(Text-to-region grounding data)

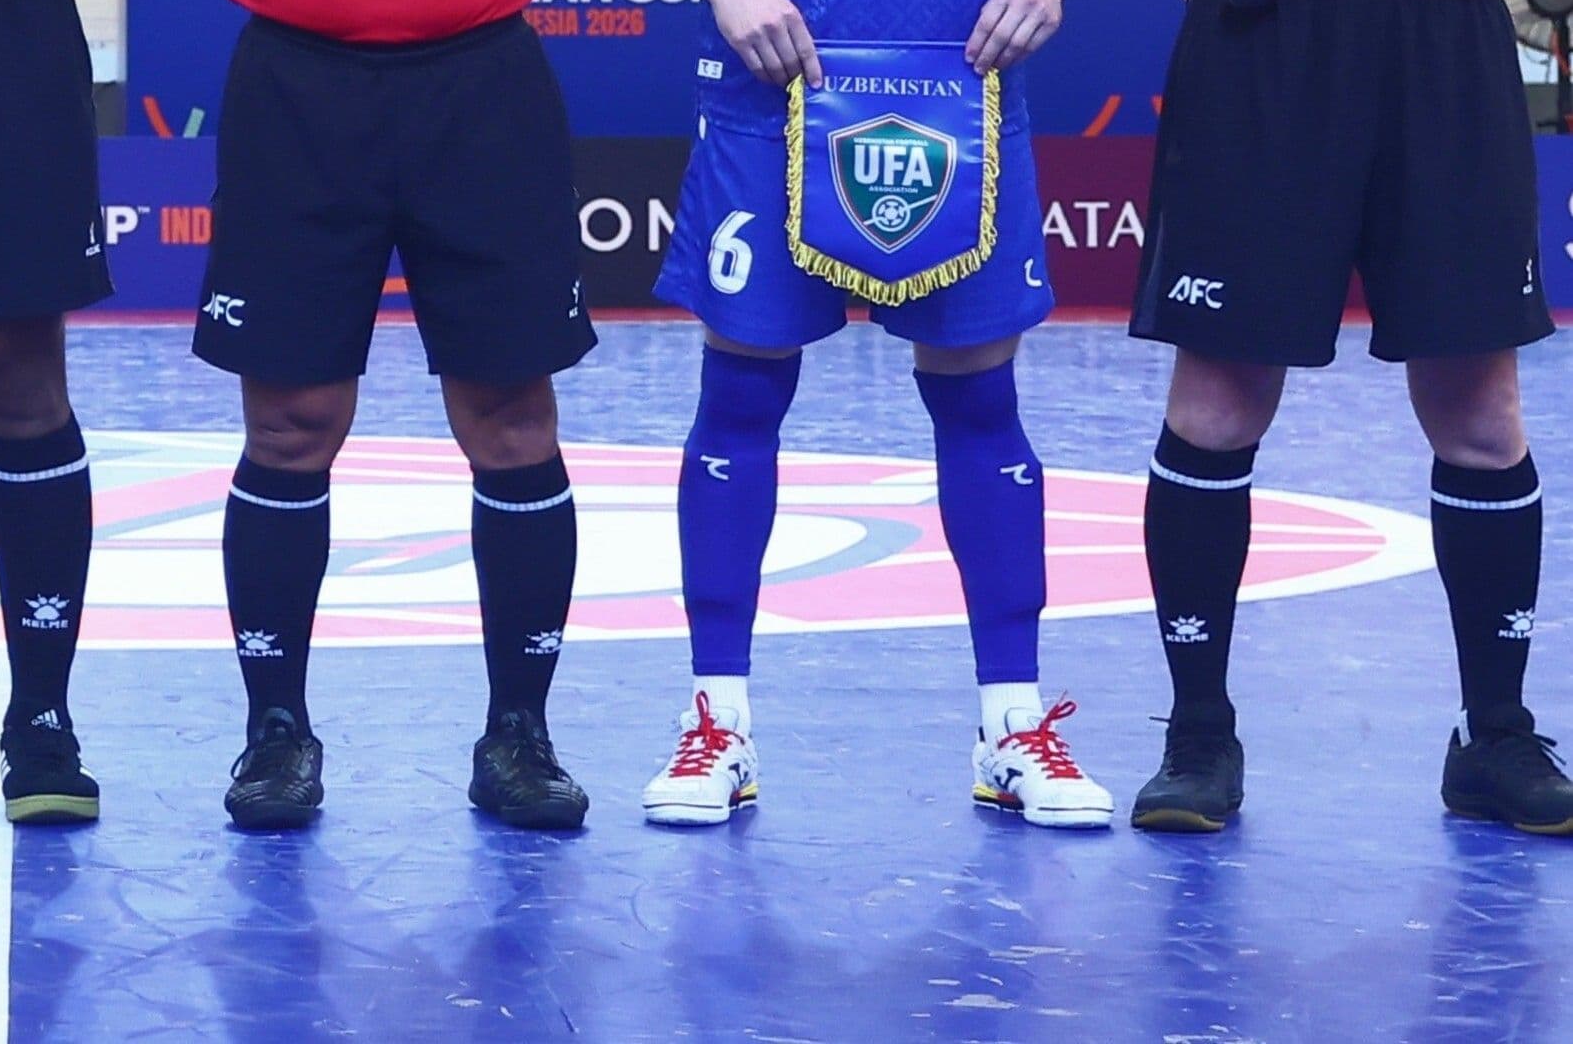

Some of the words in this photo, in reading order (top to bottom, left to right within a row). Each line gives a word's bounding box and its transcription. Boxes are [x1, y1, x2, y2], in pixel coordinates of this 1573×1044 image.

[586, 9, 645, 36] 2026
[824, 75, 963, 96] UZBEKISTAN
[854, 144, 933, 187] UFA
[708, 210, 755, 294] 6
[1168, 275, 1224, 309] AFC
[21, 617, 69, 629] KELME
[1165, 633, 1209, 643] KELME

*Task to complete*: Could the entries above be retyped exactly, with the pictures left out?

*Your response*:
Some of the words in this photo, in reading order (top to bottom, left to right within a row). Each line gives a word's bounding box and its transcription. Boxes are [x1, y1, x2, y2], in pixel coordinates of this 1573×1044 image.

[586, 9, 645, 36] 2026
[824, 75, 963, 96] UZBEKISTAN
[854, 144, 933, 187] UFA
[708, 210, 755, 294] 6
[1168, 275, 1224, 309] AFC
[21, 617, 69, 629] KELME
[1165, 633, 1209, 643] KELME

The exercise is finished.